#### [Exercise instructions]
Every record below should be repeated exactly, with the pictures left out.

#### [Given data]

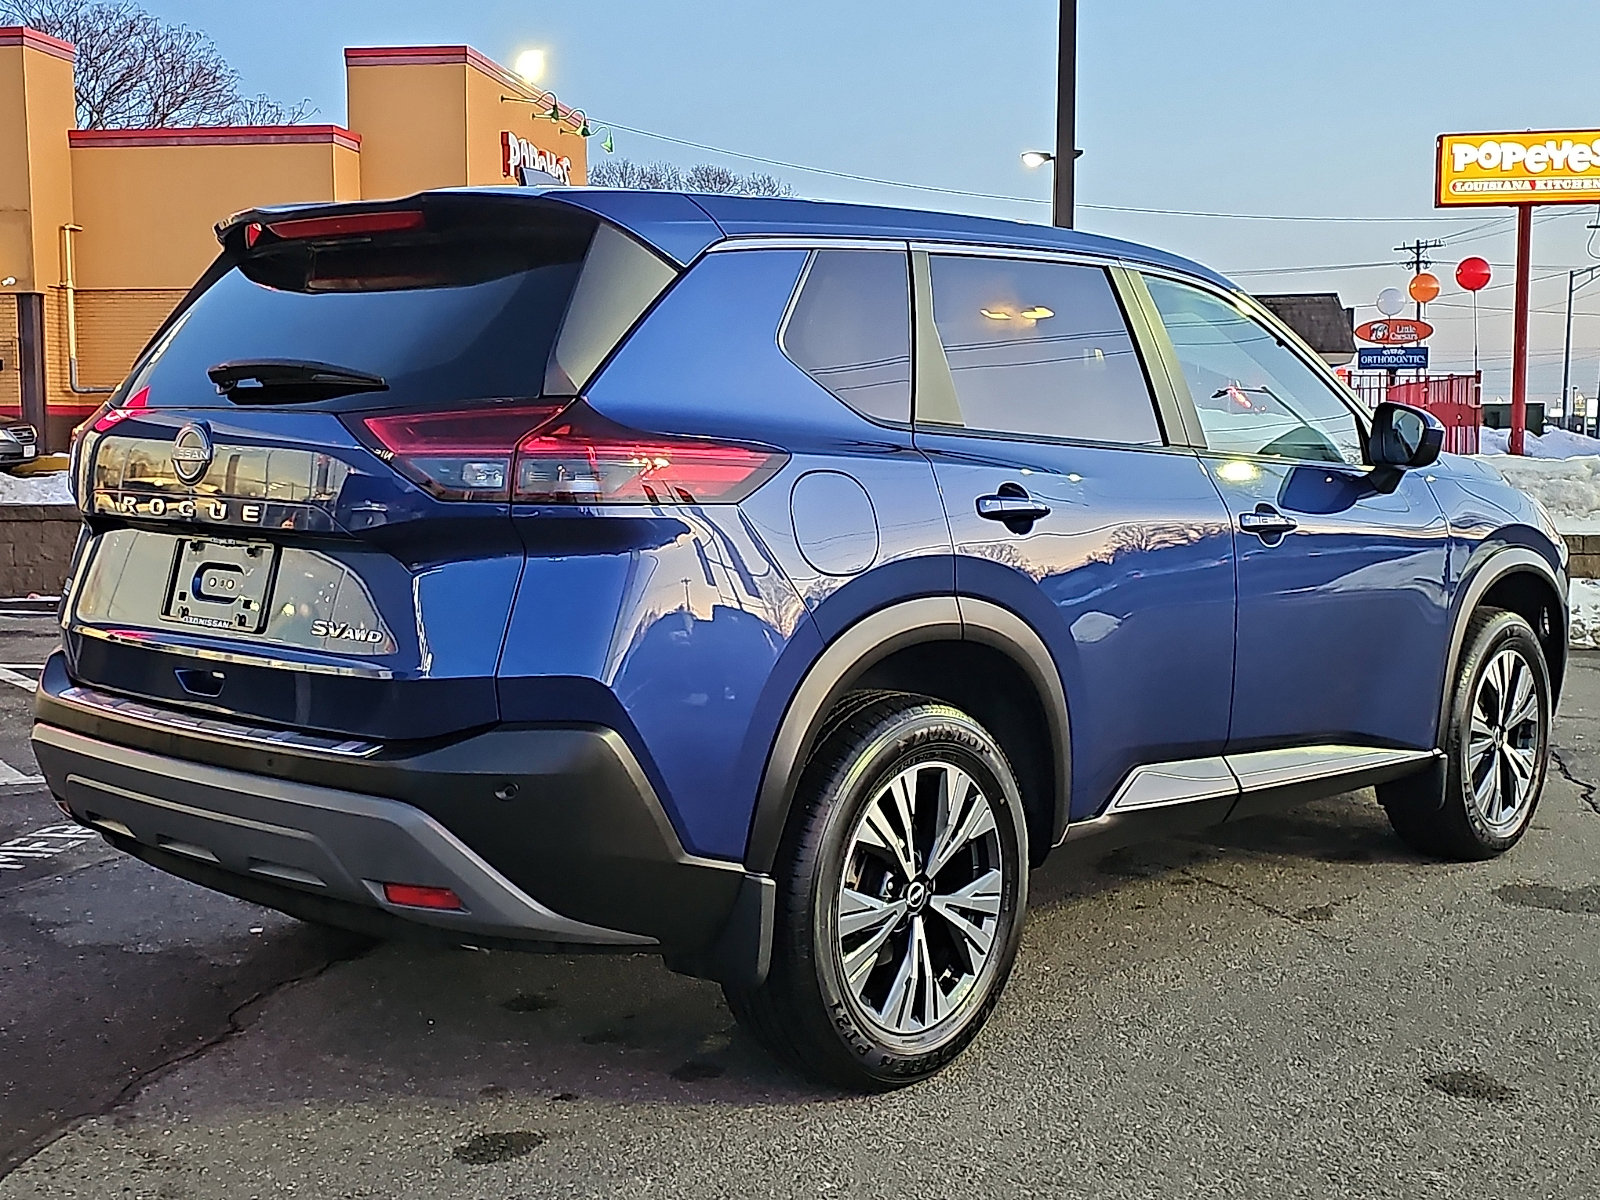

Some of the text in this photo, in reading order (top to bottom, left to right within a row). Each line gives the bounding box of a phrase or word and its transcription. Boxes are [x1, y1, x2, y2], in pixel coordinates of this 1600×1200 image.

[1454, 179, 1533, 193] LOUISIANA
[120, 496, 261, 523] ROGUE
[310, 619, 383, 643] SV AWD
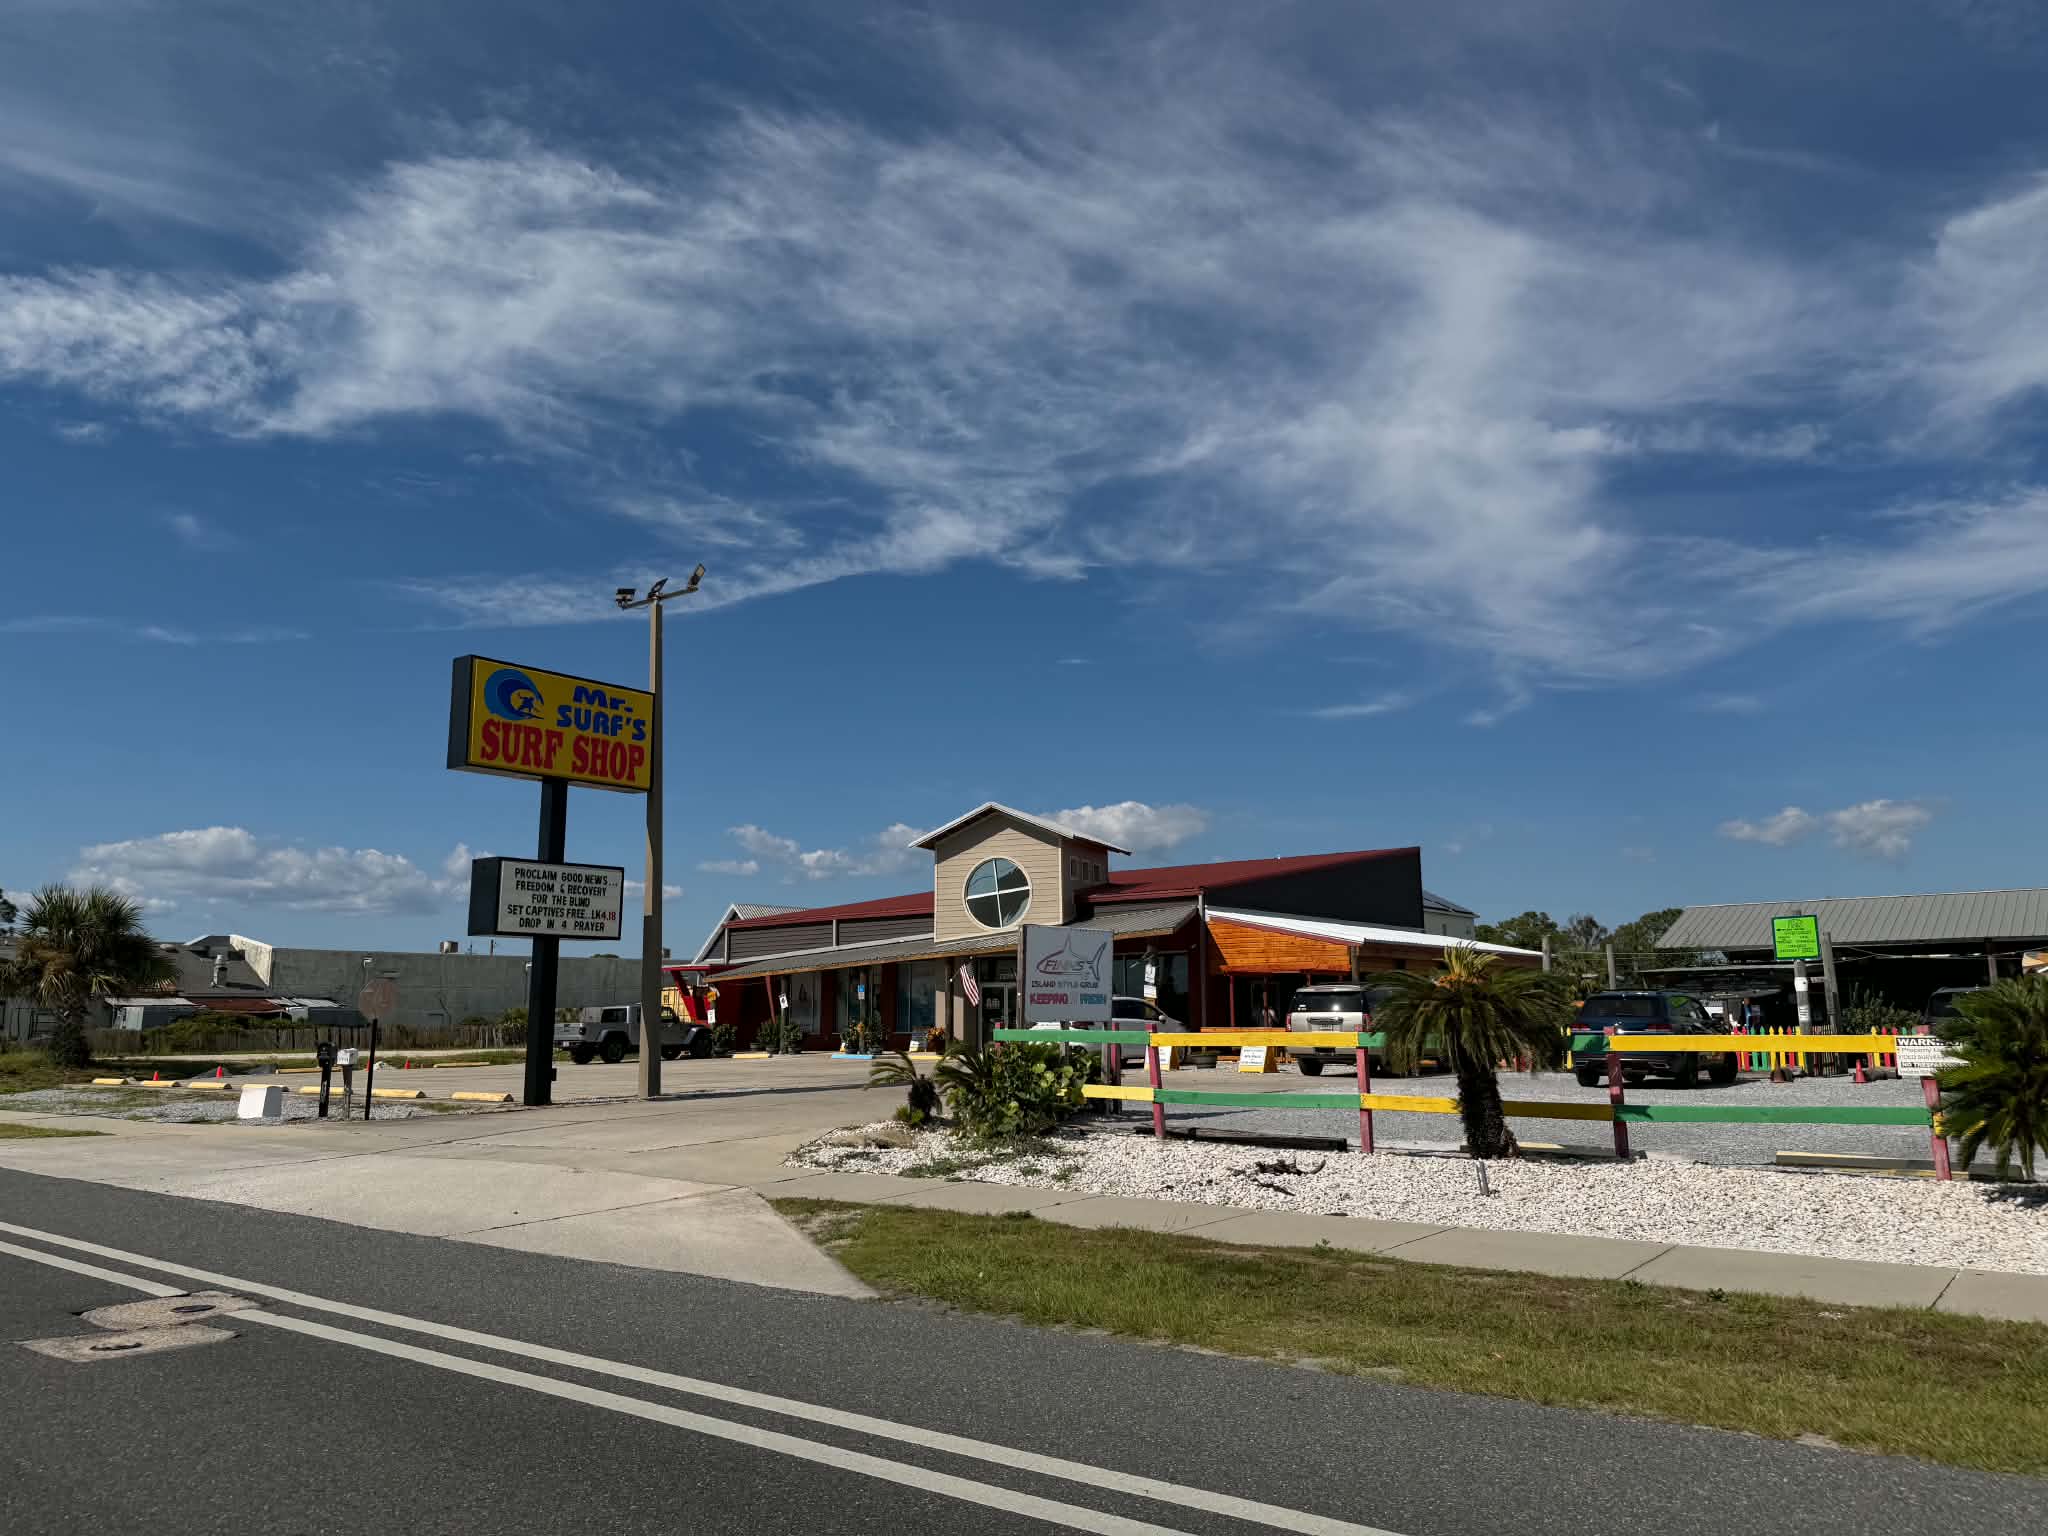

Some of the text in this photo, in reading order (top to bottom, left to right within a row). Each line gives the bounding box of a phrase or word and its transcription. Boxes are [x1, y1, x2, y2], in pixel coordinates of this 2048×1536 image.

[557, 704, 646, 741] SURF'S
[480, 718, 645, 782] SURF SHOP
[515, 867, 557, 881] PROCLAIM
[561, 872, 583, 883] GOOD
[516, 881, 555, 893] FREEDOM
[567, 885, 607, 896] RECOVERY
[532, 894, 590, 907] FOR THE BLIND
[507, 904, 524, 915] SET
[525, 905, 564, 917] CAPTIVES
[519, 918, 605, 932] DROP IN 4 PRAYER
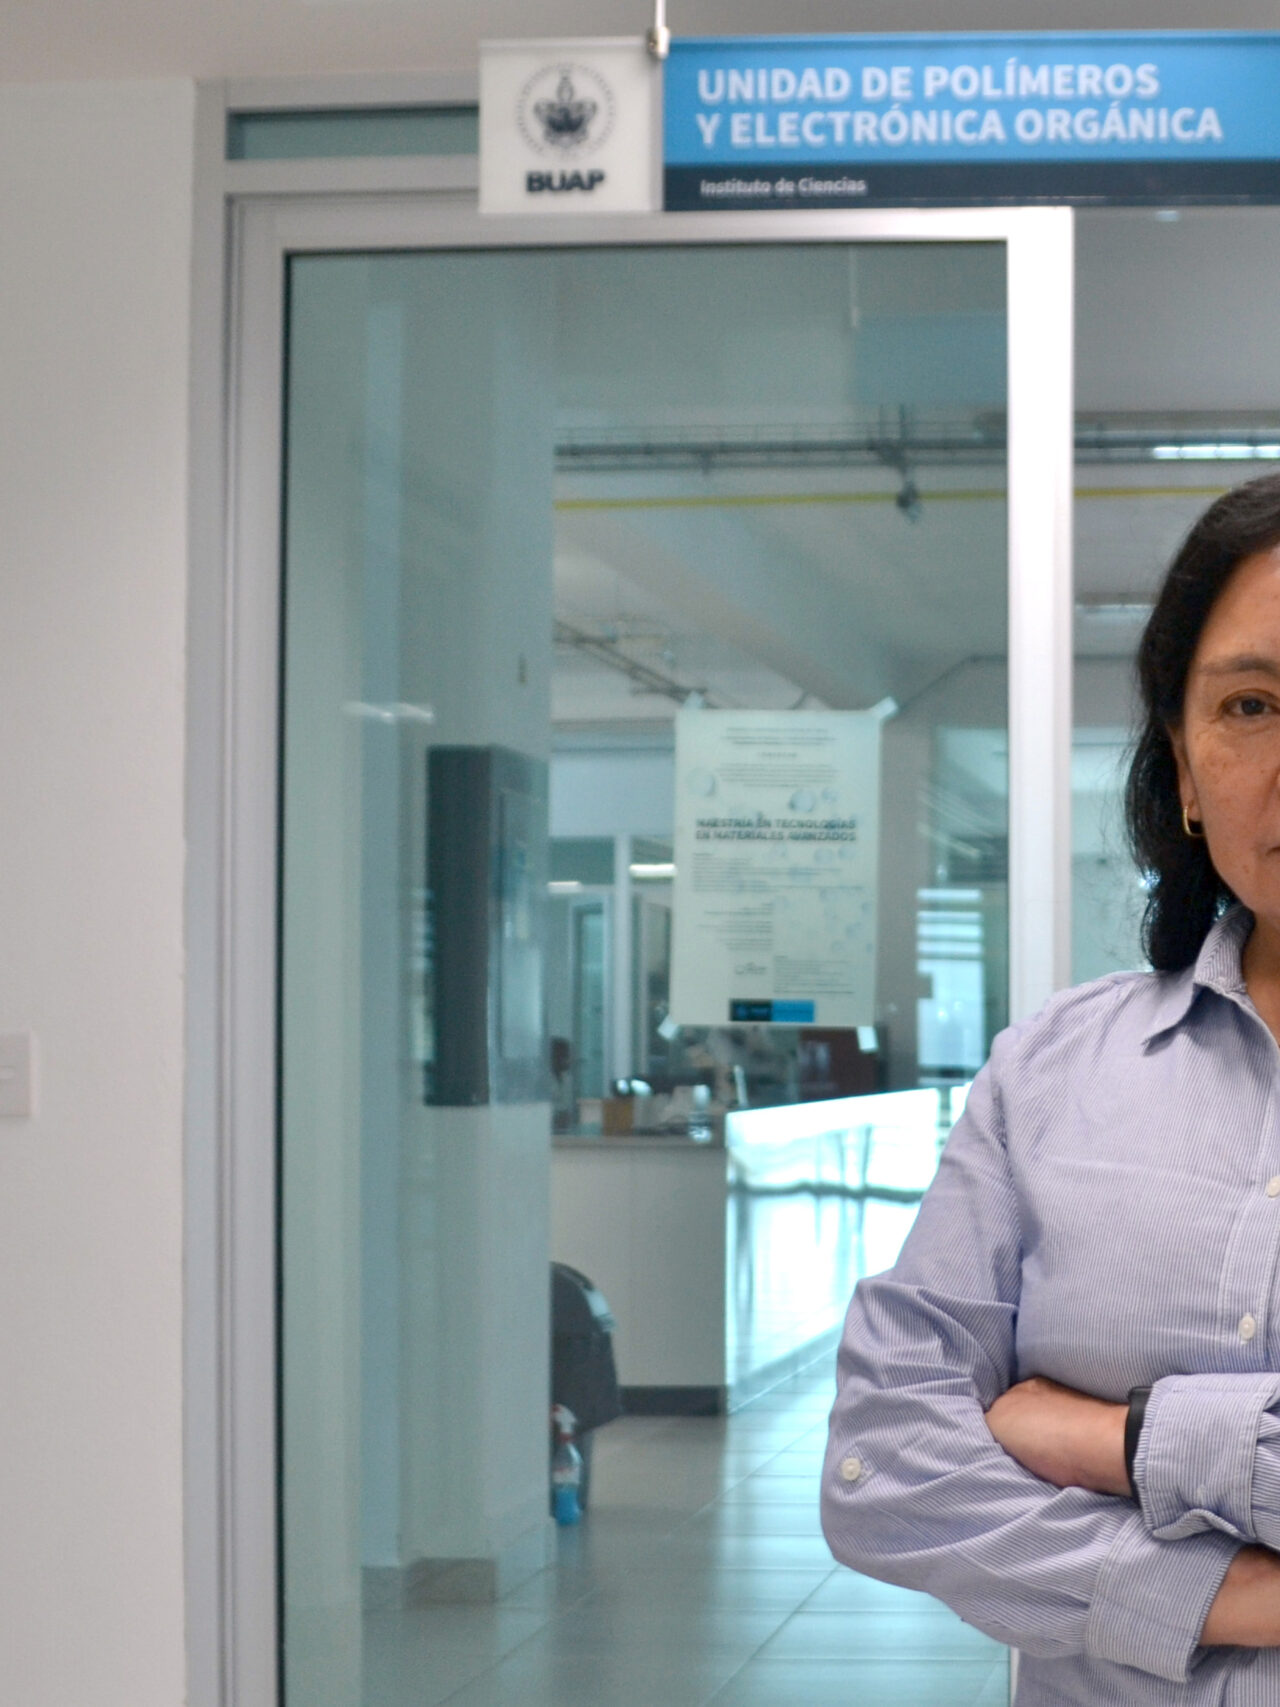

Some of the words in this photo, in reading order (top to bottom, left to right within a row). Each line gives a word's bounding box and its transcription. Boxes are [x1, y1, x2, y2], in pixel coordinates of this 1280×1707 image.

[698, 67, 851, 102] UNIDAD
[861, 65, 914, 99] DE
[923, 57, 1160, 98] POLÍMEROS
[696, 112, 722, 145] Y
[730, 103, 1006, 146] ELECTRÓNICA
[1014, 101, 1223, 142] ORGÁNICA
[526, 168, 606, 192] BUAP
[700, 178, 771, 195] Instituto
[774, 176, 795, 193] de
[798, 175, 868, 193] Ciencias
[695, 829, 710, 841] EN
[713, 829, 784, 841] MATERIALES

#### [Expected answer]
Some of the text in this photo, in reading order (top to bottom, left to right within a row). Each line gives the bounding box of a phrase or word and its transcription. Boxes are [x1, y1, x2, y2], in pixel coordinates of this 1600×1200 image.

[1454, 179, 1533, 193] LOUISIANA
[120, 496, 261, 523] ROGUE
[310, 619, 383, 643] SV AWD

Some of the text in this photo, in reading order (top to bottom, left to right within a row). Each line gives the bounding box of a phrase or word and its transcription. Boxes are [x1, y1, x2, y2], in pixel coordinates of this 2048×1536 image.

[557, 704, 646, 741] SURF'S
[480, 718, 645, 782] SURF SHOP
[515, 867, 557, 881] PROCLAIM
[561, 872, 583, 883] GOOD
[516, 881, 555, 893] FREEDOM
[567, 885, 607, 896] RECOVERY
[532, 894, 590, 907] FOR THE BLIND
[507, 904, 524, 915] SET
[525, 905, 564, 917] CAPTIVES
[519, 918, 605, 932] DROP IN 4 PRAYER

Some of the words in this photo, in reading order (top to bottom, left to right within a row). Each line gives a word's bounding box and its transcription. Boxes are [x1, y1, x2, y2], in pixel coordinates of this 1280×1707 image.

[698, 67, 851, 102] UNIDAD
[861, 65, 914, 99] DE
[923, 57, 1160, 98] POLÍMEROS
[696, 112, 722, 145] Y
[730, 103, 1006, 146] ELECTRÓNICA
[1014, 101, 1223, 142] ORGÁNICA
[526, 168, 606, 192] BUAP
[700, 178, 771, 195] Instituto
[774, 176, 795, 193] de
[798, 175, 868, 193] Ciencias
[695, 829, 710, 841] EN
[713, 829, 784, 841] MATERIALES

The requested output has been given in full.